Tinggal menghitung hari menjelang Pilpres dan Pileg, Nurani Perempuan Women’s Crisis Center melakukan diskusi terfokus dengan Dr. Selinaswati, MA. Sosiolog dari Universitas Negeri Padang. Peluang perolehan suara yang bakal didapatkan oleh para caleg perempuan pada periode 2019 ini masih menjadi tanda tanya.
Berbagai pemikiran kritis dan keprihatinan terhadap kondisi caleg perempuan muncul dalam diskusi yang dilakukan di kantor Nurani Perempuan pada hari Kamis lalu, (11/04/2019). Faktanya saat ini, politisi perempuan cenderung mengalami peminggiran.
Politisi perempuan belum banyak yang ditempatkan dalam posisi strategis. “Pengambilan kebijakan di internal parpol masih didominasi oleh pengurus laki-laki. Tapi pada saat pileg, ketika perempuan dibutuhkan sebagai persyaratan administratif (untuk 30% perempuan menjadi caleg), partai meminang banyak perempuan untuk dijadikan caleg,” ungkapnya.
“Saya melihat ini salah satu contoh bagaimana perempuan diperalat, dimajukan ketika adanya kepentingan parpol untuk mendapatkan kekuasaan”, ujar Fitri Fidia alumni jururan Ilmu Politik, Fisip, Unand.
Disadari atau belum oleh caleg perempuan ataupun partai politik, ini menjadi realita yang nyata tampak hingga sekarang, tambahnya.
Selanjutnya Dr. Seli menyatakan, pentingnya dilakukan penyadaran bagi pengurus partai. Pimpinan partai politik seharusnya memastikan kebijakan yang dapat menjawab kebutuhan kader perempuan. Kebijakan tersebut diimplementasikan diantaranya dengan menempatkan kader perempuan di jajaran pimpinan untuk mengambil keputusan strategis.
Pengalaman memimpin bagi perempuan akan membangun kepercayaan publik akan kapasitas perempuan di parpol. Agaknya memang diperlukan perjuang parpol untuk memastikan kesetaraan dan keadilan melalui penempatan kader perempuan partai pada posisi strategis pengambilan kebijakan.

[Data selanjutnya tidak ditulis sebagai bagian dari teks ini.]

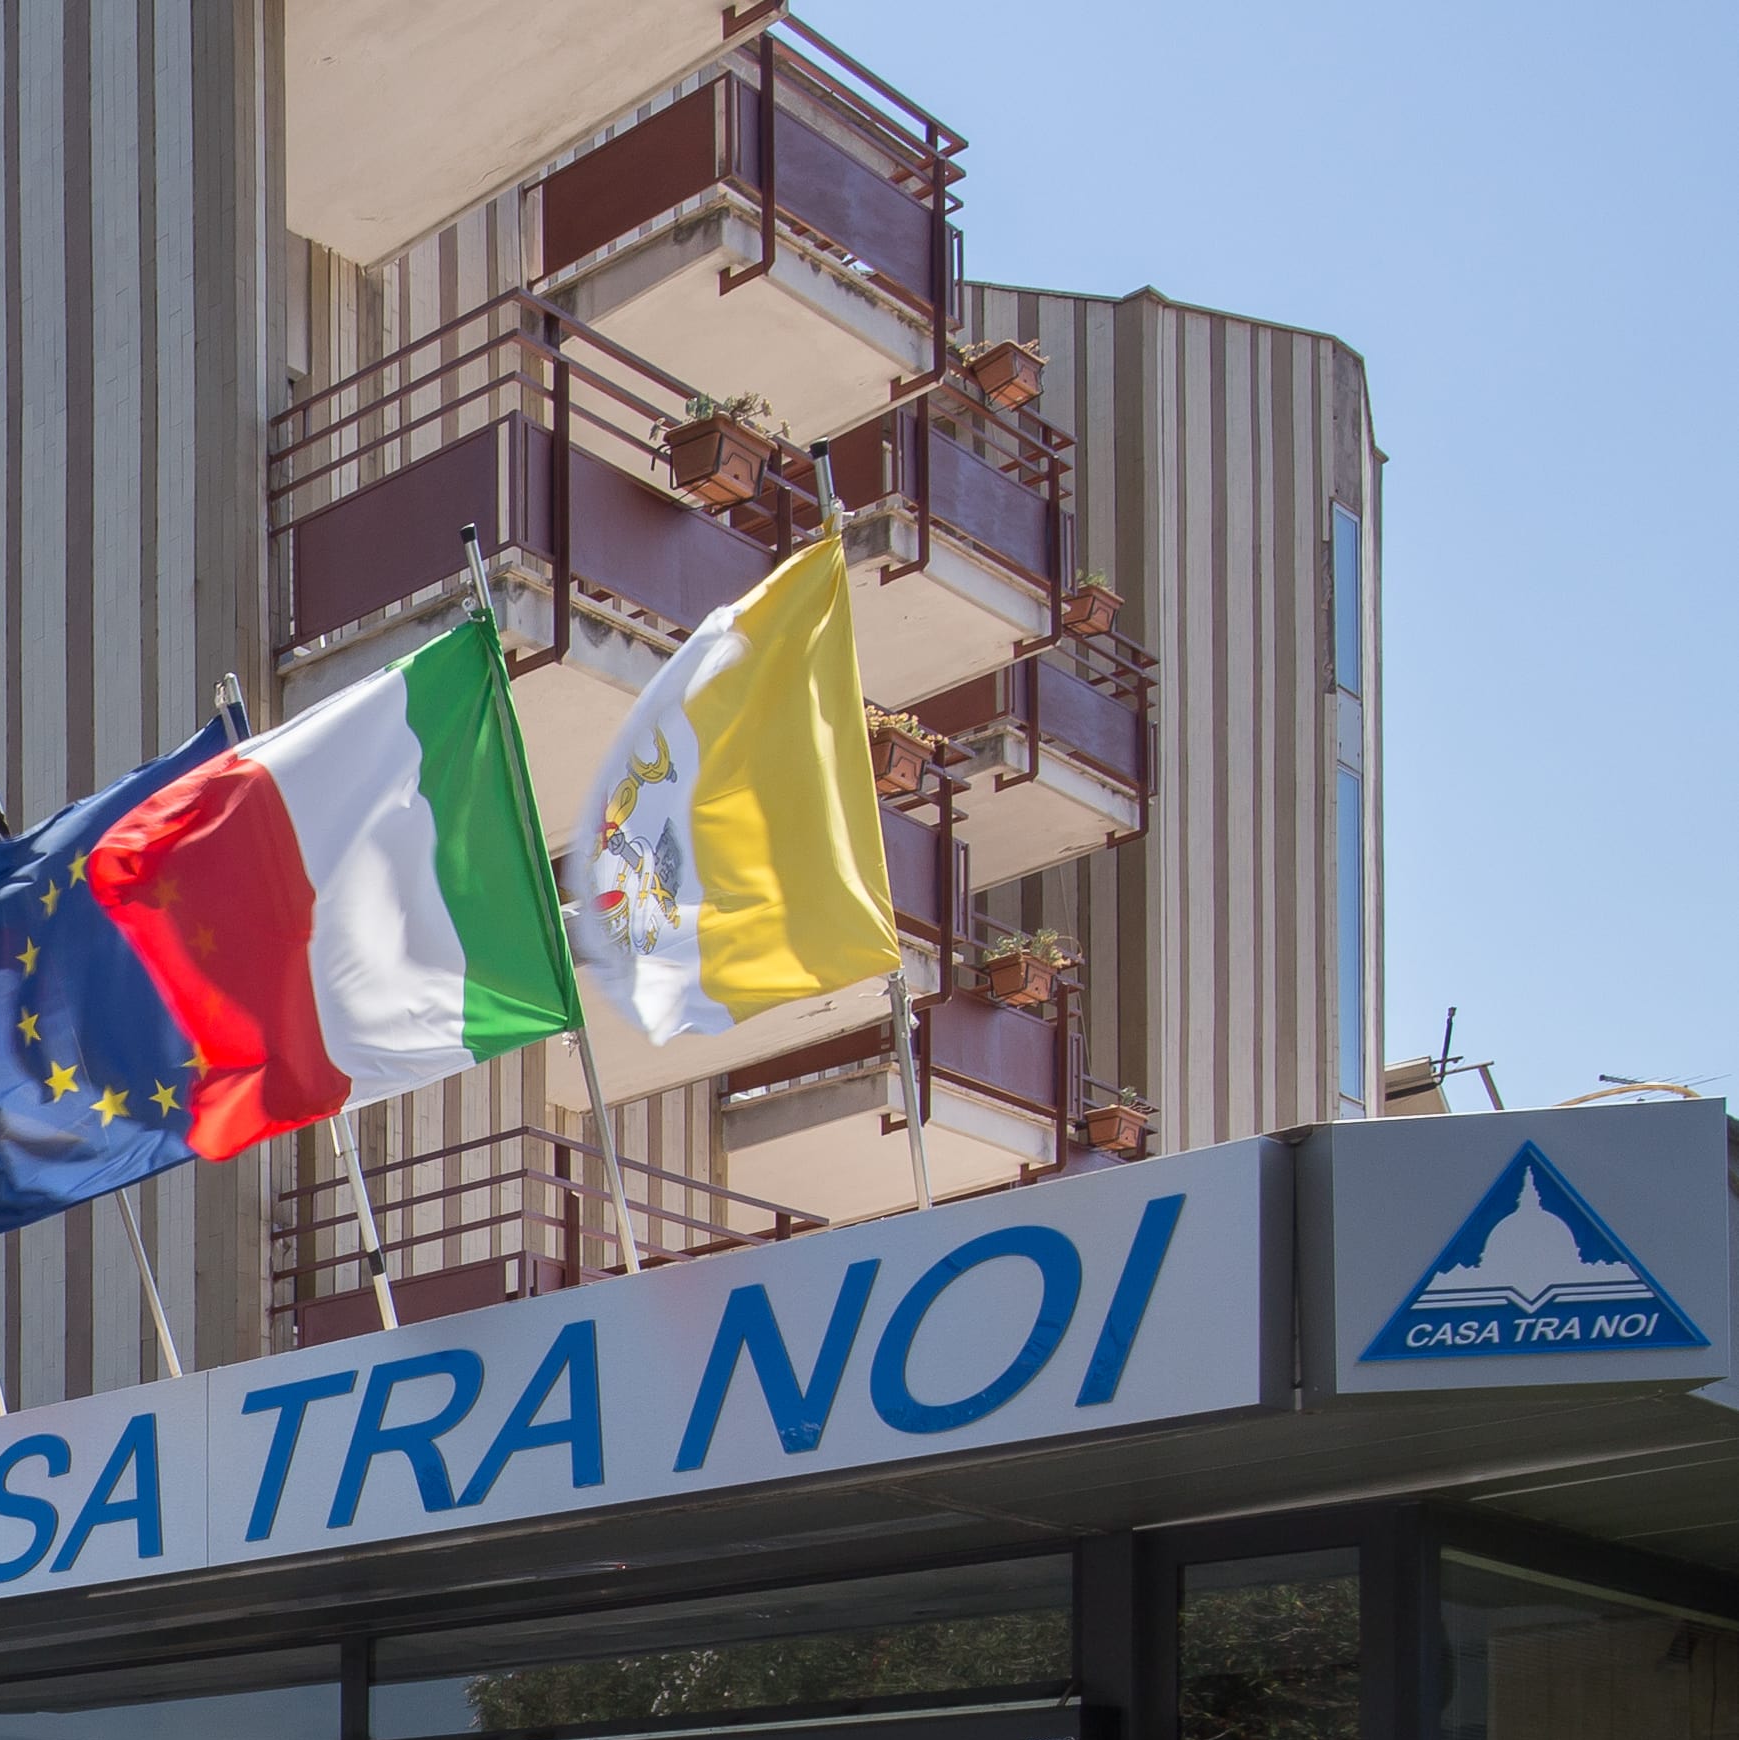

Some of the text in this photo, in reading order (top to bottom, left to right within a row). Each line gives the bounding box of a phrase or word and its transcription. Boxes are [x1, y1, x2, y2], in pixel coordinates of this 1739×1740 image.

[241, 1319, 605, 1542] TRA
[673, 1193, 1186, 1472] NOI
[1405, 1312, 1660, 1348] CASA TRA NOI

Bila tidak dilakukan maka akan berdampak pada lemahnya kepercayaan konstituen pada parpol dan kader perempuan yang diusung sebagai caleg.
Menurut Yefri Heriani, jika partai politik masih disibukan dengan pertarungan perebutan kekuasaan, maka berbagai isu keadilan dan kesetaraan bagi perempuan akan terpinggirkan. Ini tentu akan merugikan negara yang telah memproduksi kebijakan untuk meningkatkan keadilan dan kesetaraan bagi perempuan.
Salah satu kebijakan yang sudah lebih dari dua dekade kehadirannya adalah UU Nomor 7 Tahun 1984 Tentang Ratifikasi Penghapusan Segala Bentuk Diskriminasi Terhadap Perempuan. Kebijakan ini tidak hanya berisi bagaimana perempuan dalam politik, tapi tujuannya adalah meningkatkan kesejahteraan rakyat, dimana perempuan adalah bagian terbesar jumlahnya. Partai politik seharusnya mengambil bagian untuk memastikan tujuan ini.
Data KPU menunjukan bahwa total caleg untuk DPR RI 7.968 orang. Caleg perempuan 3.194 orang dan laki-laki 4.774 caleg. Artinya caleg perempuan telah mencapai 40,09%. Sementara di Sumatera Barat total caleg 935 orang. Caleg perempuan 355 (37,97%) dan caleg laki-laki 580 (62,03%).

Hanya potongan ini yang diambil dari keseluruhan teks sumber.